Il en déduit que l’accident est survenu dans le cadre de son emploi, un jour de travail, tandis qu’il se trouvait au volant de son véhicule de fonction et dans le cadre de ses fonctions.
Il conteste également le fait que le tribunal ait retenu l’existence d’un état pathologique préexistant à l’AVC alors qu’il n’a jamais souffert d’un quelconque problème veineux par le passé, ainsi qu’il résulte des certificats médicaux de différents médecins. Il fait valoir à cet égard, qu’il a un homonyme, en la personne de son cousin, M. J N G qui a été soigné pour des troubles d’hyper tension artérielle, et qu’à son arrivée à l’hôpital les dossiers portant le même nom ont été confondus et les informations concernant le cousin ont été retrouvées dans son dossier médical. Il considère qu’il s’agit d’une grossière erreur, car c’est ce dernier aujourd’hui décédé qui souffrait d’hypertention artérielle et d’arythmie cardiaque. Il ajoute que le certificat médical du docteur X médecin O n’est pas aussi catégorique sur l’absence d’origine traumatique de l’AVC dont il a été victime. En conséquence il conteste les conclusions de l’expert désigné par la CGSSM qui conclut à un état pathologique préexistant qui aurait provoqué son AVC et affirme que l’AVC est dû au seul accident de la circulation dont il a été victime et non d’un état préexistant.

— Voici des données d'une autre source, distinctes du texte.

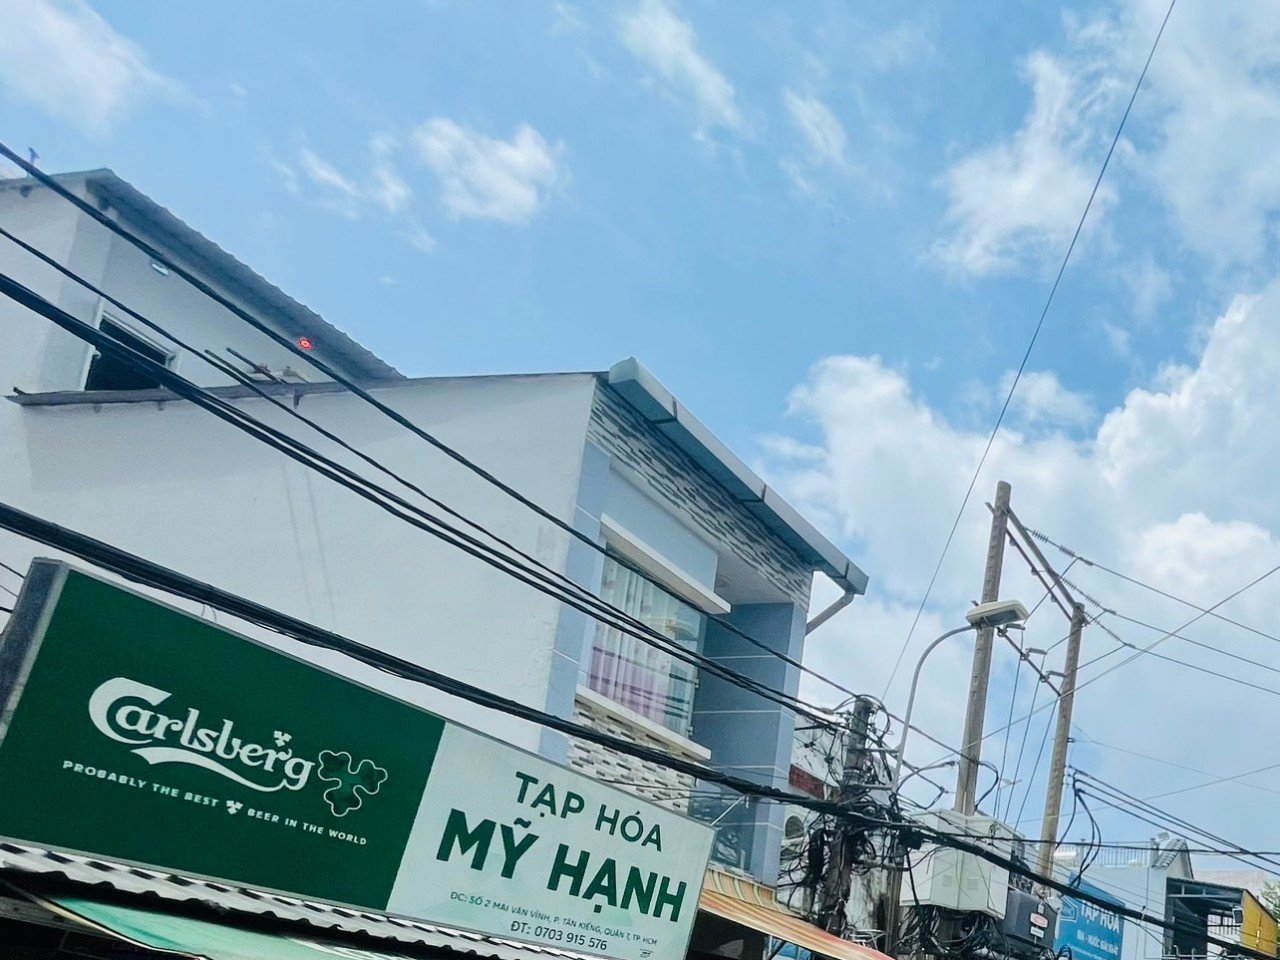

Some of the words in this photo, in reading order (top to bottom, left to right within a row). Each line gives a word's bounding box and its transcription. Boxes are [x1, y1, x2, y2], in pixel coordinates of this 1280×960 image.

[89, 677, 315, 791] Carlsberg
[63, 760, 146, 789] PROBABLY
[152, 783, 179, 798] THE
[184, 791, 219, 807] BEST
[247, 808, 279, 824] BEER
[285, 817, 297, 828] IN
[302, 822, 324, 835] THE
[329, 828, 367, 846] WORLD
[515, 771, 585, 819] TẠP
[595, 803, 662, 852] HÓA
[436, 808, 540, 880] MỸ
[547, 843, 687, 923] HẠNH
[484, 899, 491, 908] 2
[492, 901, 510, 912] MAI
[510, 920, 531, 935] ĐT:
[534, 925, 563, 942] 0703
[565, 932, 585, 947] 915
[587, 936, 608, 951] 576

Il réfute le fait que le tribunal ait écarté l’autre lésion dont il a été victime à savoir une rupture de la coiffe des rotateurs tandis que le certificat médical du docteur Y étaye l’existence de cette lésion.
Sur la faute inexcusable de son employeur il expose que le contrôle technique du 5 août 2013 mentionnait des défauts tels que volant de direction détérioration et / ou anomalie de fixation et faisait apparaître la nécessité de procéder à une révision notamment en raison d’un défaut sur la direction du véhicule.

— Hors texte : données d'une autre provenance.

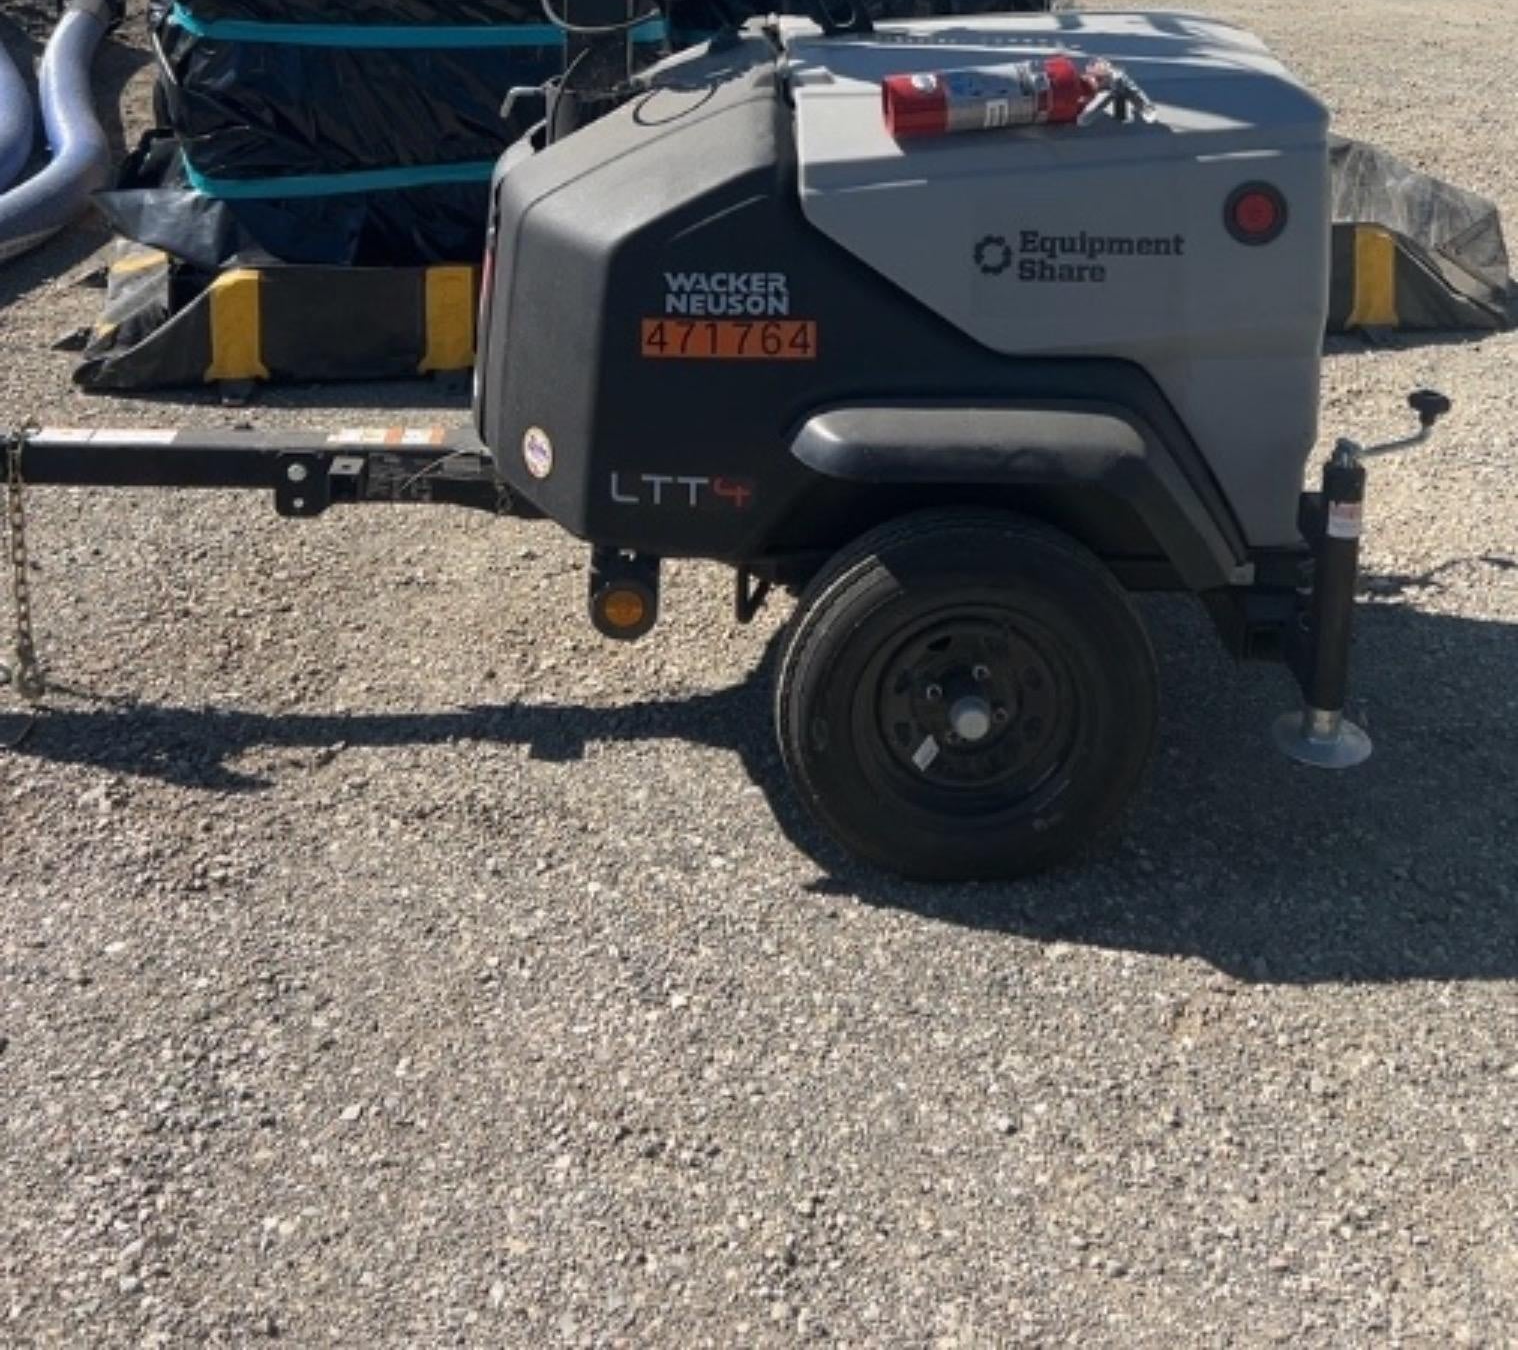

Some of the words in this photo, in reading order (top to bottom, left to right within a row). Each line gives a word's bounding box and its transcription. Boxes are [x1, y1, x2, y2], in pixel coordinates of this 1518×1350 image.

[1018, 230, 1185, 259] Equipment
[1018, 258, 1106, 282] Share
[664, 272, 788, 293] WACKER
[665, 293, 790, 315] NEUSON
[646, 321, 811, 354] 471764

Il considère que l’accident et le préjudice important qui en découle pour lui à ce jour ne seraient jamais survenus si l’employeur avait respecté son obligation de vérifier la sécurité du véhicule. Cette abstention caractérise selon lui la faute inexcusable de son employeur.

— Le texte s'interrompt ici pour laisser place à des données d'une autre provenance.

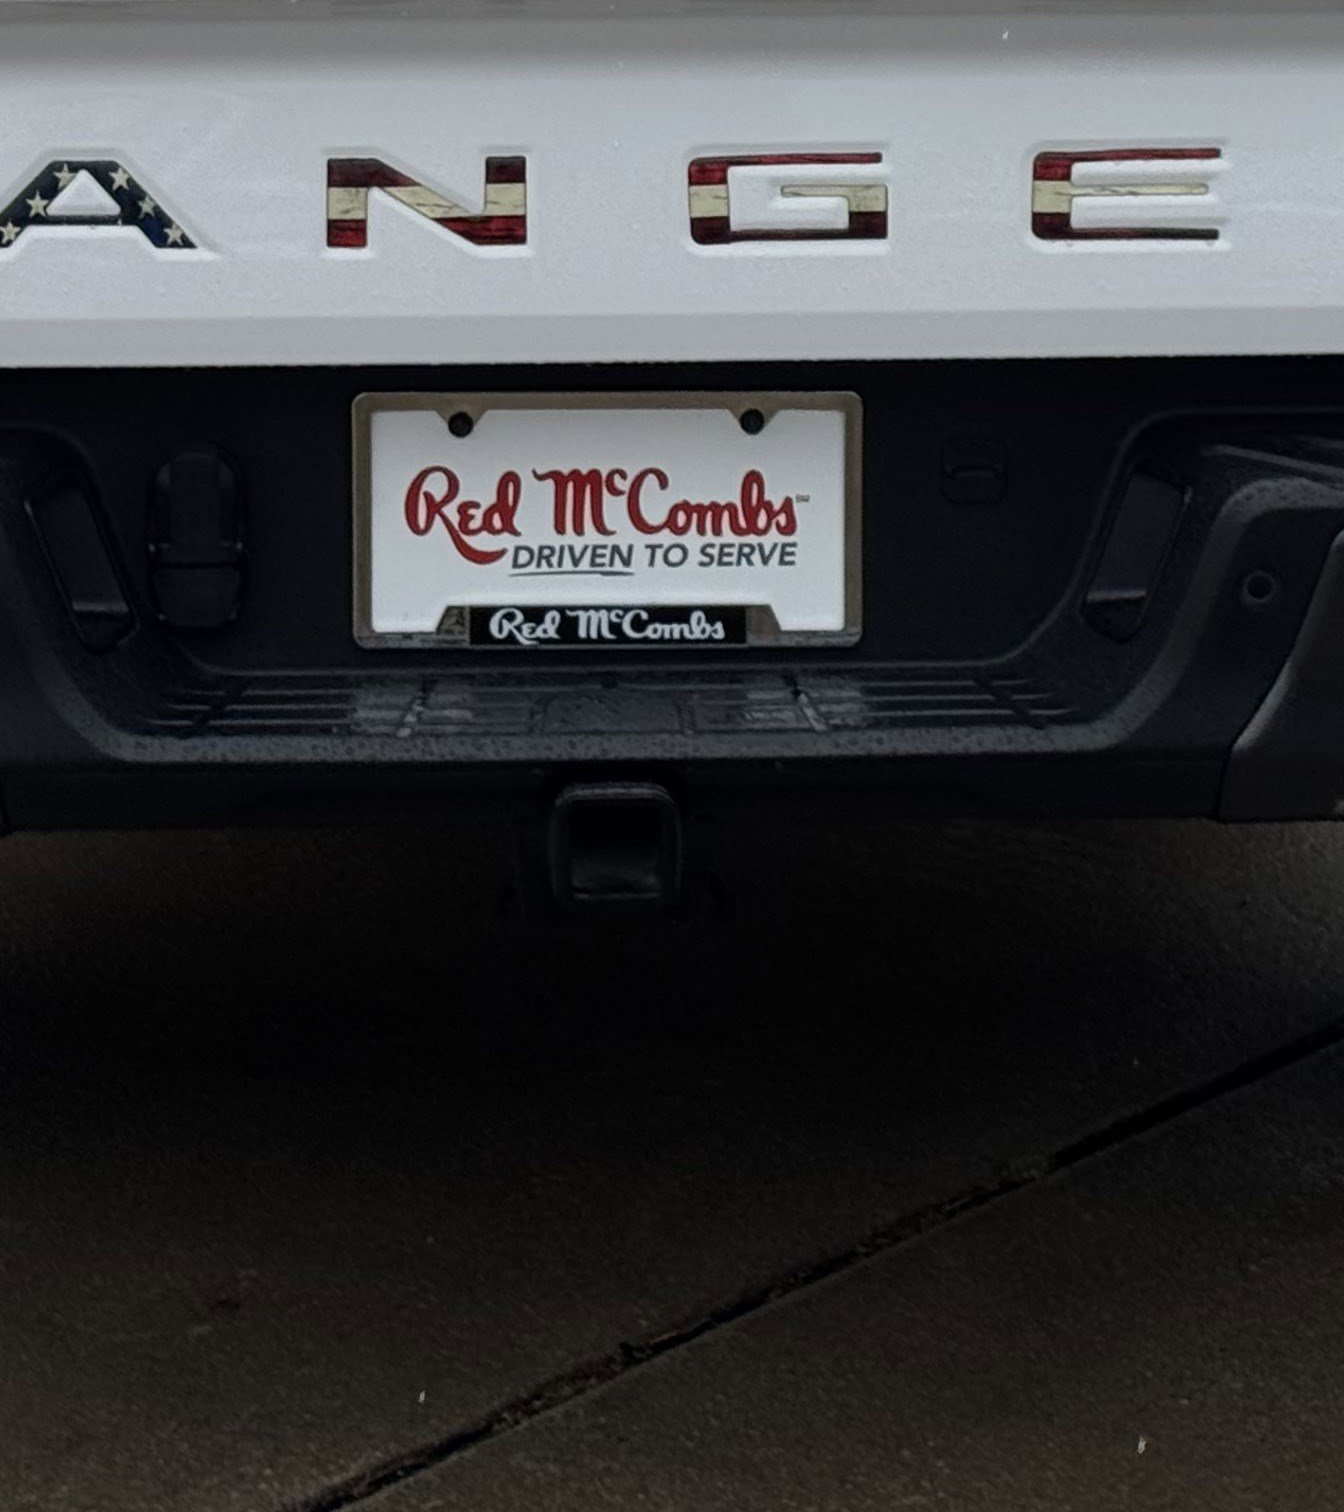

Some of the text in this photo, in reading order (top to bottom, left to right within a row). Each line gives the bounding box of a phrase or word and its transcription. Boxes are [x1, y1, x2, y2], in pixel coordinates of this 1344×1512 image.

[404, 465, 798, 565] Red McCombs
[510, 542, 799, 569] DRIVEN TO SERVE
[488, 607, 726, 646] Red McCombs

Aux termes de ses dernières conclusions notifiées le 7 juin 2021 auxquelles elle s’est rapportée lors des débats, la SARL LES CHANTIERS DE TRENELLE demande à la Cour de :
— confirmer le jugement du Tribunal des affaires de sécurité sociale de la Martinique du 21 septembre 2017,
— dire et juger que l’accident du 9 novembre 2013 dont M. J P G a été victime n’est pas un accident du travail,
— confirmer la décision de la CGSS de refus de prise en charge de l’accident au titre de la législation sur les accidents du travail,
— dire et juger qu’aucune faute inexcusable ne peut être relevée à l’encontre de la SARL LES CHANTIERS DE TRENELLE,
— débouter M. J P G de l’ensemble de ses moyens, fins et conclusions,
— dire que la SMABTP est tenue solidairement de relever et garantir la SARL LES CHANTIERS DE TRENELLE de toutes les condamnations qui pourraient être prononcées contre elle à la requête de M. J P G,
— déclarer l’arrêt à intervenir commun et opposable à La SMABTP,
— condamner M. J P G à verser à la SARL LES CHANTIERS DE TRENELLE la somme de 3000 euros au titre de l’article 700 du code de procédure civile , et aux dépens.
Elle fait valoir que l’ensemble des hypothèses d’exclusion de la qualification d’accident du travail trouvent à s’appliquer au cas d’espèce.
Elle considère que les lésions de M. J P G sont sans lien avec le travail et résultent d’un état pathologique préexistant évoluant en dehors de toute relation avec le travail.
Sur ce point elle se réfère à l’expertise médicale du docteur Z désigné en application de l’article L 141-1 du code de la sécurité sociale qui indique que M. J P G a fait un AVC qui est sans lien avec l’accident du 9 novembre 2013 et qu’il a débuté son AVC au volant de son véhicule donc avant la survenance de l’accident.
Elle exclut les lésions relatives à la rupture de la coiffe des rotateurs qui n’a pas été constatée à l’entrée au CHU.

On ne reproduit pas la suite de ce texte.